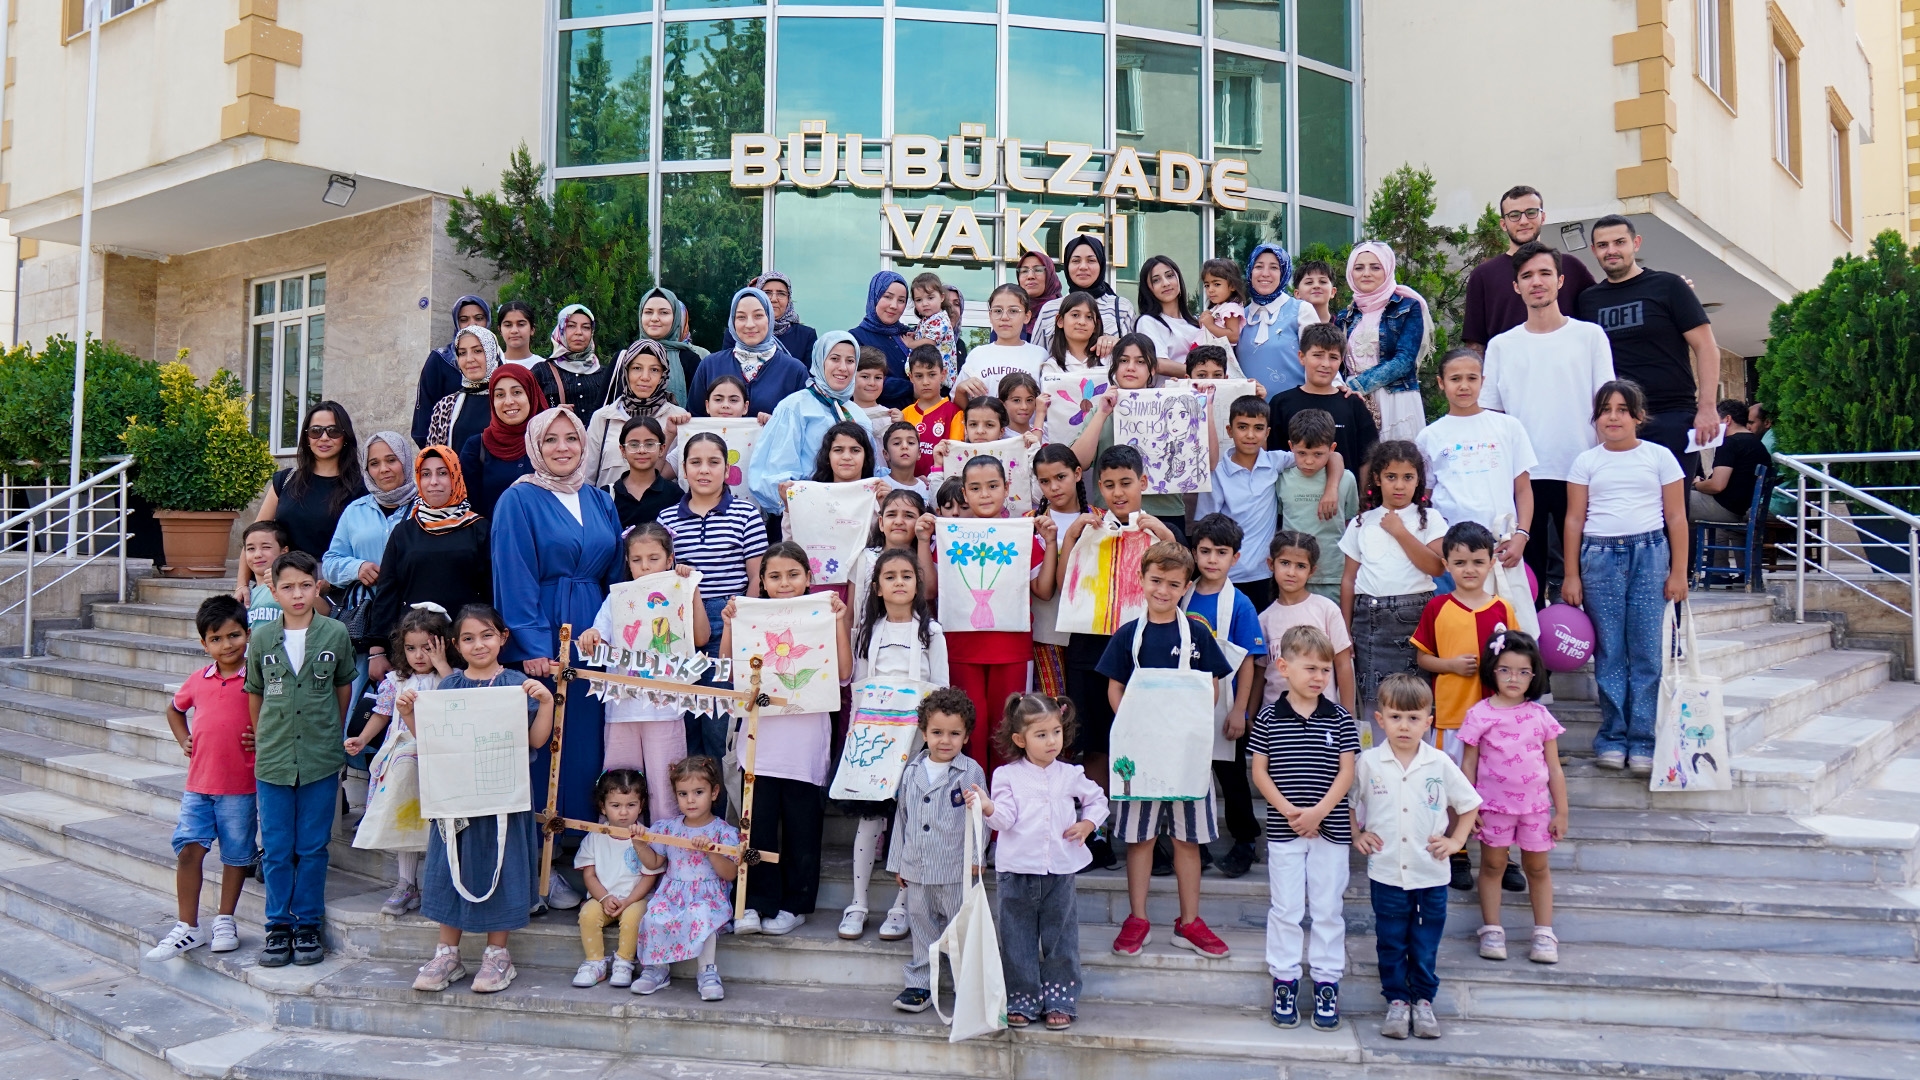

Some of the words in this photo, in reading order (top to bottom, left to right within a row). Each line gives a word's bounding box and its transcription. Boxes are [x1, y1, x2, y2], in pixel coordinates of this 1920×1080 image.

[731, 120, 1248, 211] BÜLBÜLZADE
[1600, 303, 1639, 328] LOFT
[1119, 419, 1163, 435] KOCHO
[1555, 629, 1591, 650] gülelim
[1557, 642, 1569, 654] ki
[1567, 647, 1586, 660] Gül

### Work instruction
Could the material above be written out again word for word, with the pictures dropped?

### Task output
Some of the words in this photo, in reading order (top to bottom, left to right within a row). Each line gives a word's bounding box and its transcription. Boxes are [x1, y1, x2, y2], in pixel coordinates of this 1920×1080 image.

[731, 120, 1248, 211] BÜLBÜLZADE
[1600, 303, 1639, 328] LOFT
[1119, 419, 1163, 435] KOCHO
[1555, 629, 1591, 650] gülelim
[1557, 642, 1569, 654] ki
[1567, 647, 1586, 660] Gül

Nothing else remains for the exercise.